Using digital scientific probes and sensors that collect real-time temperature, motion, gas pressure, light and other data and display it for analysis on laptops and hand-held devices has been a focus of the Concord Consortium since its founding.
Robert Tinker used such probeware in the 1980s when he designed a microcomputer-based real-time temperature data grapher for education. Concord Consortium research has shown the effectiveness of sensors and handhelds in elementary and middle school inquiry-based science units.

=== Online learning ===

The company's Virtual High School (VHS) offered Web-based courses to secondary school students on a subscription basis through a worldwide network of public and private schools. VHS was originally funded by a U.S. Department of Education Technology Innovation Challenge Grant in 1997. In 2001, it became an independent nonprofit and in 2012 became the VHS Collaborative. In 2001, VHS received the Stockholm Challenge Award for exemplary use of technology in education. In 2005, it received U.S. Distance Learning Association (USDLA) Awards for Excellence in Programming and Excellence in Best Practices.

In collaboration with PBS Teacherline and Teachscape, the Concord Consortium began offering Seeing Math online teacher professional development courses for elementary and secondary mathematics teachers in 2005. The Concord Consortium subsequently developed courses for secondary science teachers and for Physics First schools in Rhode Island.

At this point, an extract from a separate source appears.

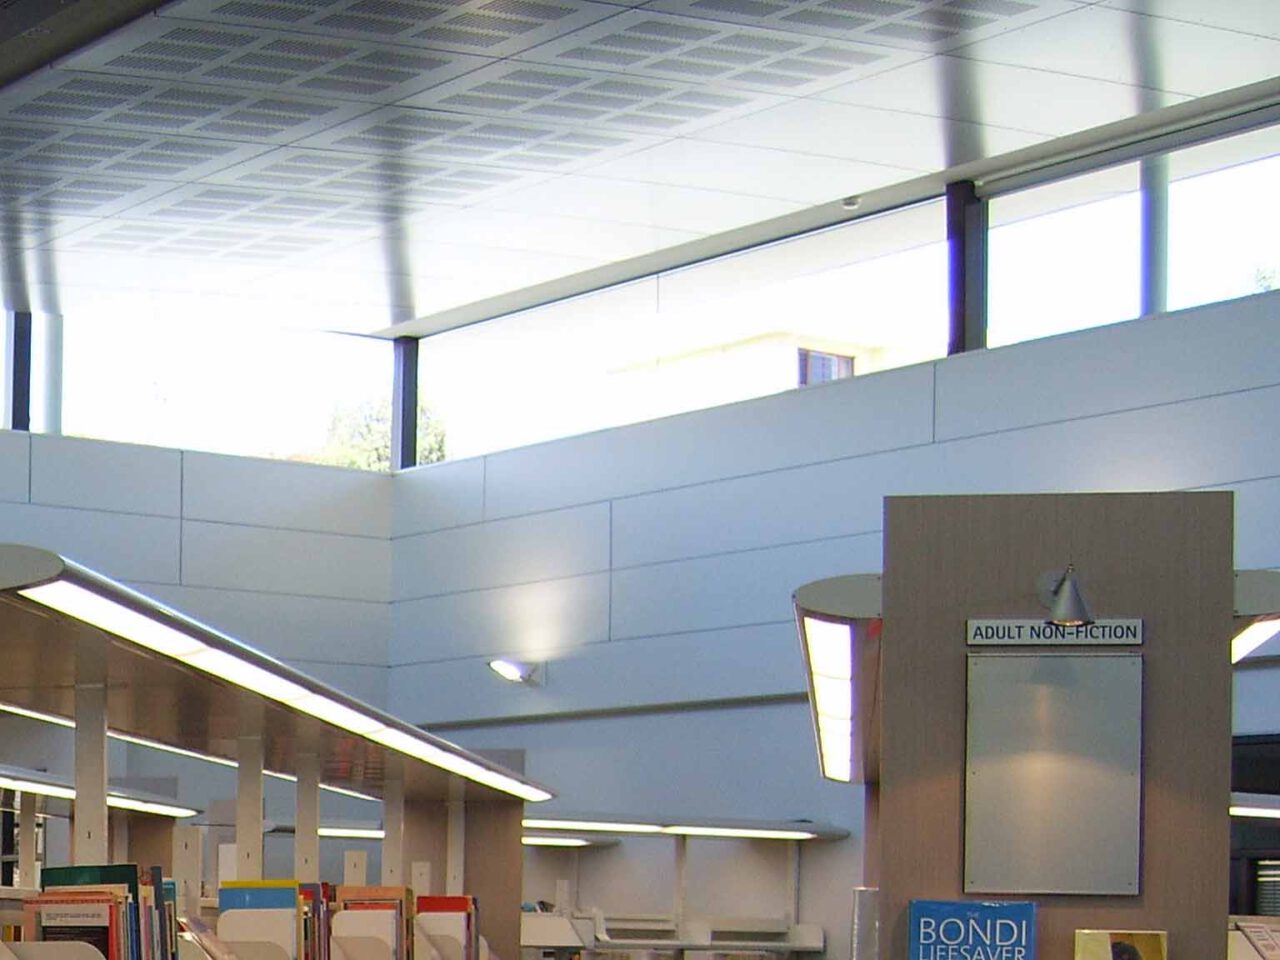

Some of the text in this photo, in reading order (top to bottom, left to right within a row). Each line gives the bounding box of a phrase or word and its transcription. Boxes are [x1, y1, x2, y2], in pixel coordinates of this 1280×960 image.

[972, 625, 1137, 640] ADULT NON-FICTION
[920, 918, 1026, 946] BONDI
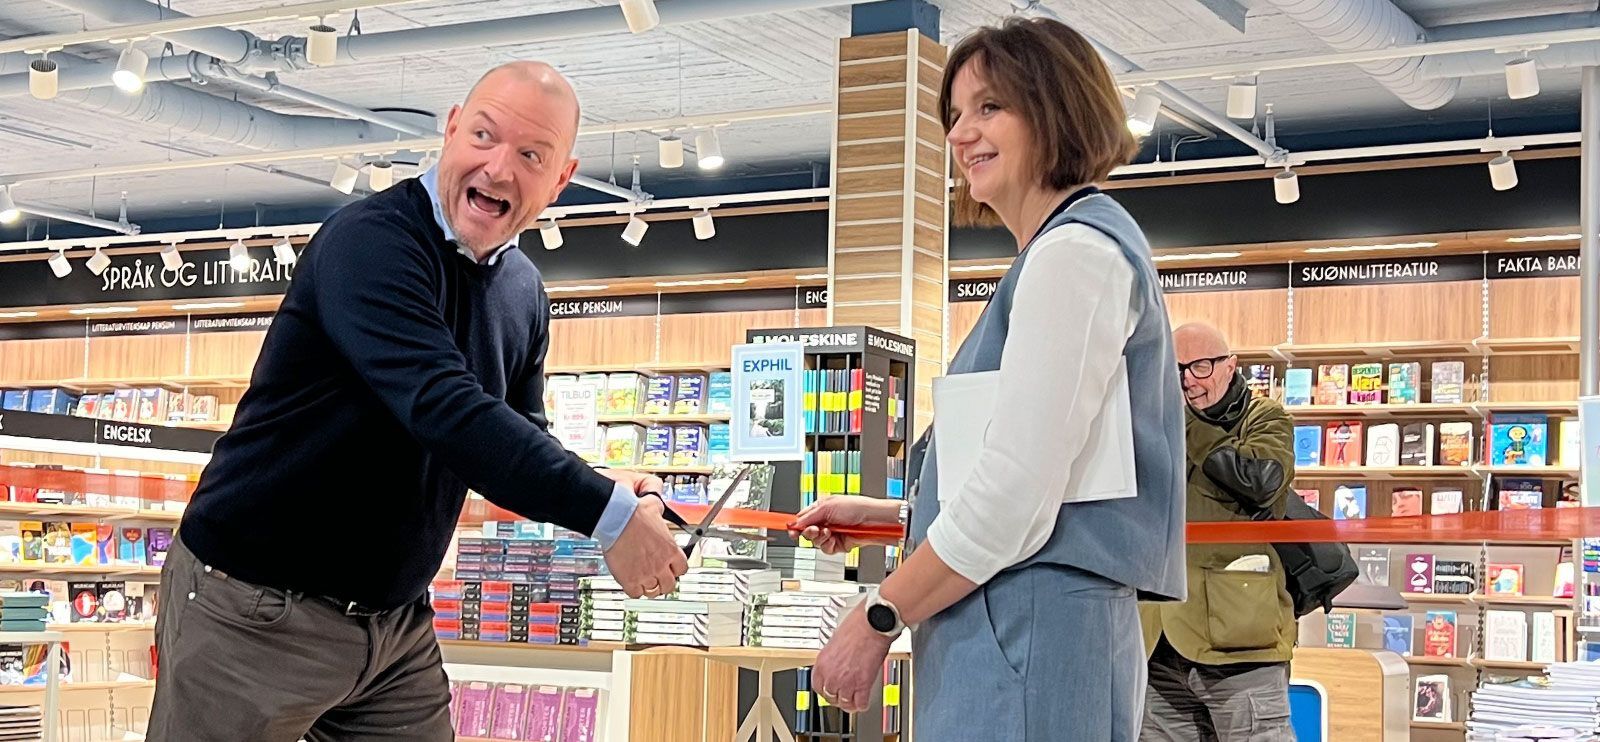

The Concord e-Learning Model for online teaching and learning describes best practices for high-quality online courses. It is one of the models for best practices in online course delivery.

=== Assessment ===

The company develops technology-based assessment that records student responses in real time and embeds formative assessment within a lesson. Embedded software can track student performance and create automated assessments.
A collaborative project with the University of California, Berkeley and the University of Toronto explores student cumulative learning about energy concepts using embedded assessment and dynamic diagramming technology. A project with the Center for Occupational Research and Development (CORD), Tidewater Community College, and ETS is assessing students’ collaborative-problem skills based on fine-grained logs of student actions using simulations of electronic circuits. The Concord Consortium has also developed models and simulations that allow students to answer questions with an annotated image or by conducting a virtual experiment.